Free-text object descriptions

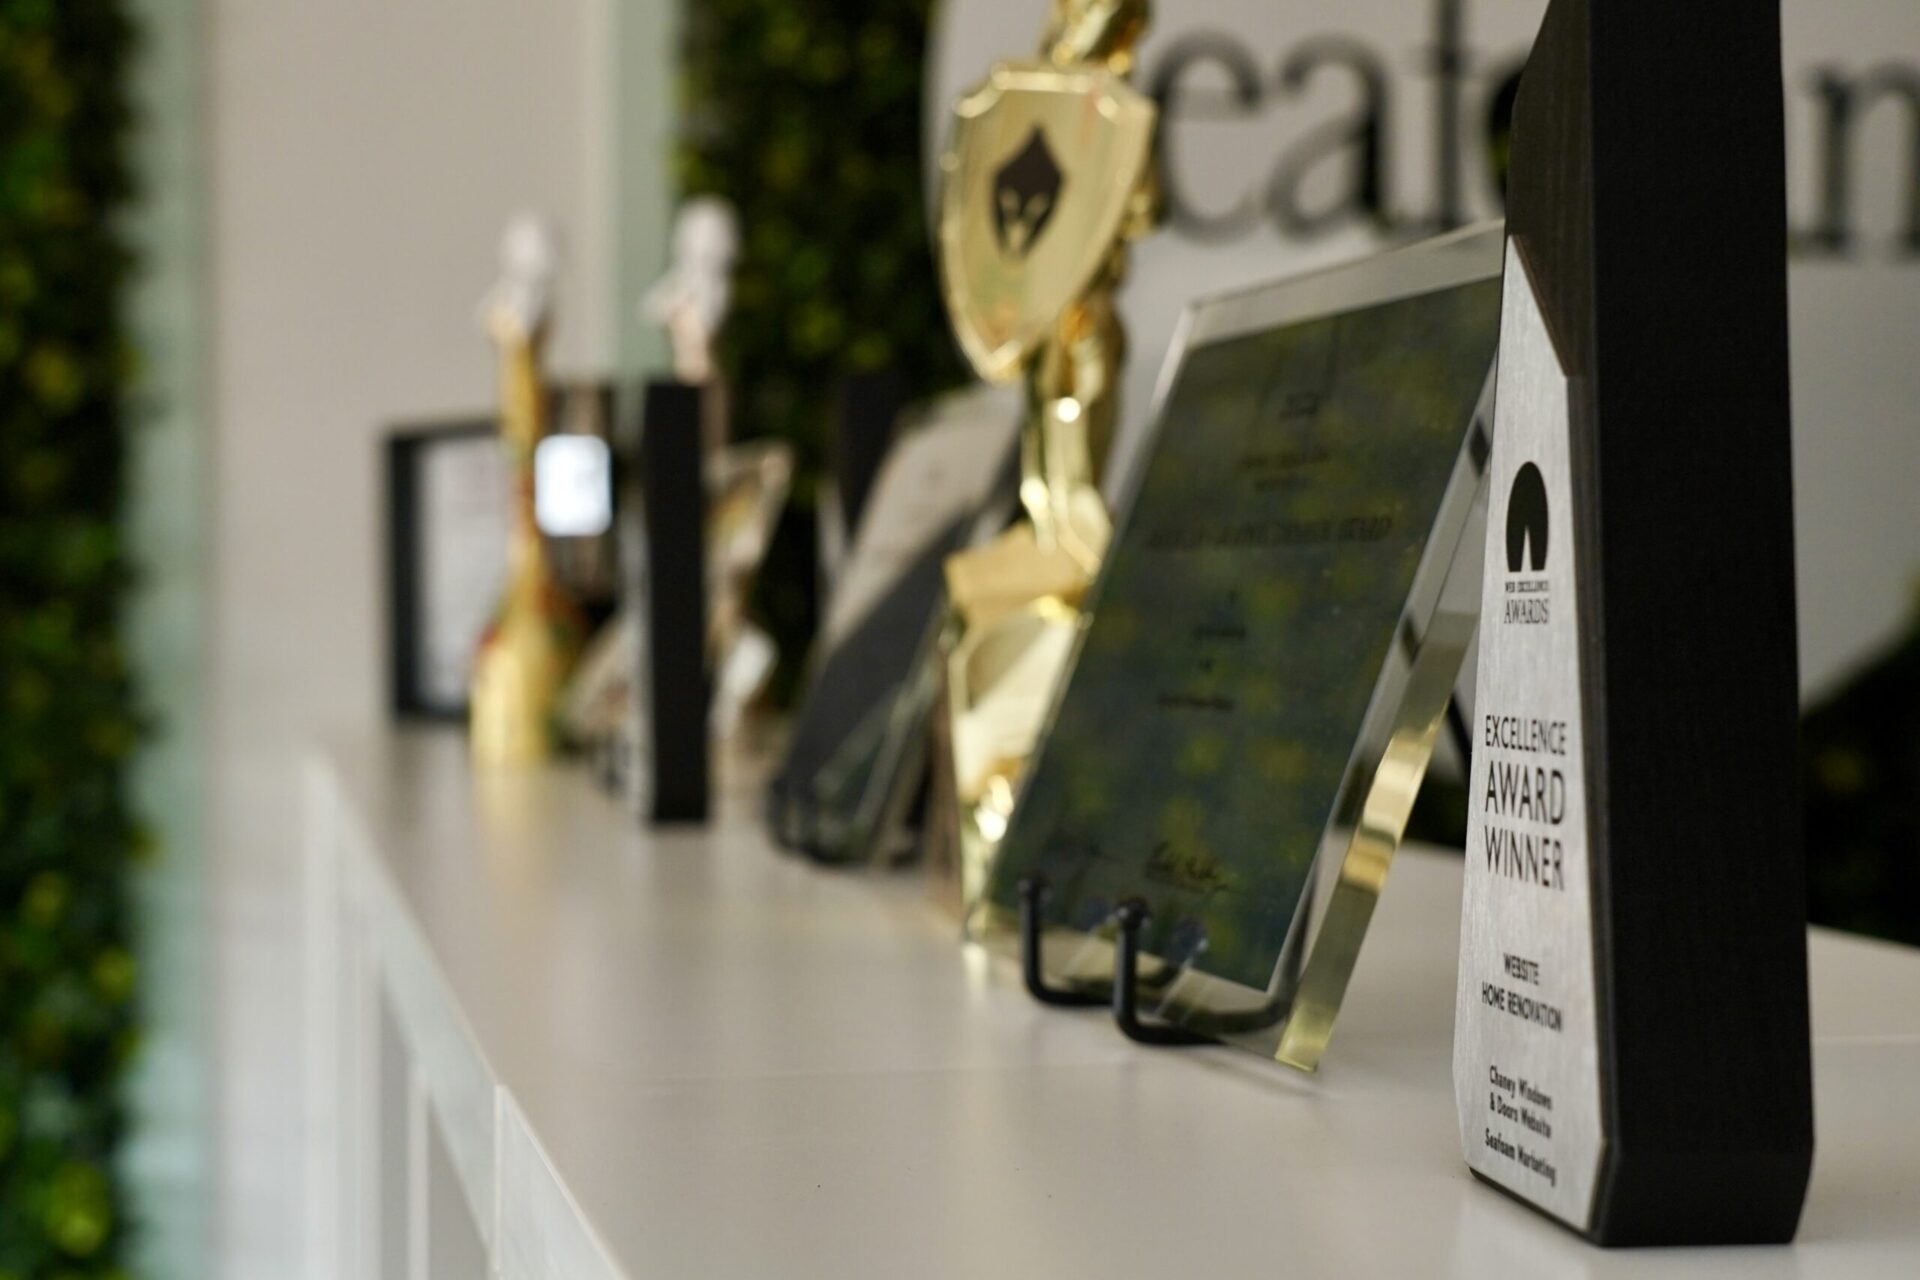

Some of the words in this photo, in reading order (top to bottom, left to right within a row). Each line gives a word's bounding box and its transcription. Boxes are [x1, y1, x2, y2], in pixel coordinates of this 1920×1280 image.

[1503, 598, 1550, 624] AWARDS
[1485, 714, 1567, 756] EXCELLENCE
[1485, 760, 1566, 826] AWARD
[1484, 825, 1565, 891] WINNER
[1503, 952, 1539, 986] WEBSITE
[1481, 980, 1505, 1012] HOME
[1507, 990, 1563, 1033] RENOVATION
[1489, 1065, 1516, 1099] Chaney
[1518, 1078, 1552, 1111] Windows
[1497, 1095, 1518, 1123] Doors
[1521, 1107, 1551, 1139] Website
[1485, 1127, 1516, 1161] Seafoam
[1517, 1144, 1556, 1188] Marketing
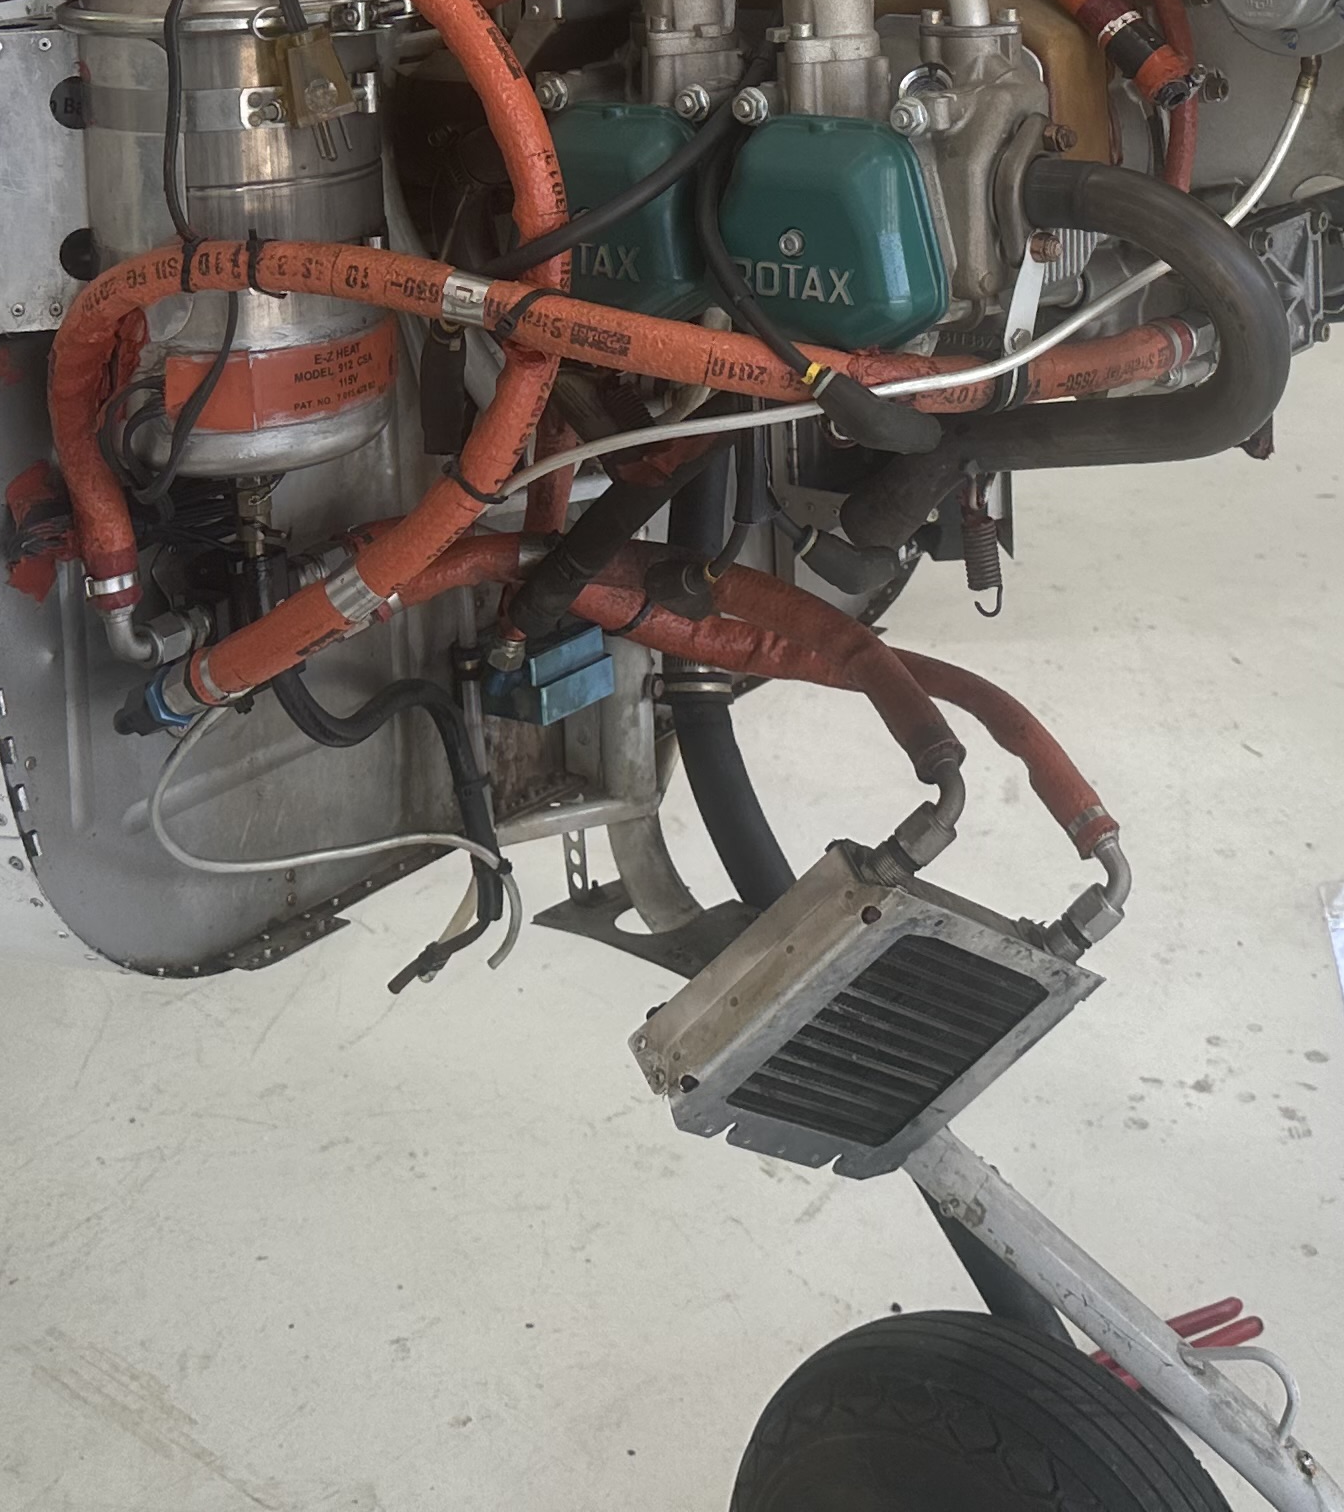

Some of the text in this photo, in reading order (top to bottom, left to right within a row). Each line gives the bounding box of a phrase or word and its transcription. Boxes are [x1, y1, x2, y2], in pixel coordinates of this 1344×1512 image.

=== What to work on ===
With the pictures omitted, print each line of the data above precisely as given.

=== Answer to the exercise ===
Some of the words in this photo, in reading order (top to bottom, left to right within a row). Each line gives a word's bounding box and its transcription. Boxes are [x1, y1, x2, y2], in pixel coordinates of this 1920×1280 image.

[1503, 598, 1550, 624] AWARDS
[1485, 714, 1567, 756] EXCELLENCE
[1485, 760, 1566, 826] AWARD
[1484, 825, 1565, 891] WINNER
[1503, 952, 1539, 986] WEBSITE
[1481, 980, 1505, 1012] HOME
[1507, 990, 1563, 1033] RENOVATION
[1489, 1065, 1516, 1099] Chaney
[1518, 1078, 1552, 1111] Windows
[1497, 1095, 1518, 1123] Doors
[1521, 1107, 1551, 1139] Website
[1485, 1127, 1516, 1161] Seafoam
[1517, 1144, 1556, 1188] Marketing

Some of the text in this photo, in reading order (top to bottom, left to right within a row). Each line gives the bounding box of a phrase or word and its transcription. Boxes are [x1, y1, x2, y2], in pixel coordinates of this 1344×1512 image.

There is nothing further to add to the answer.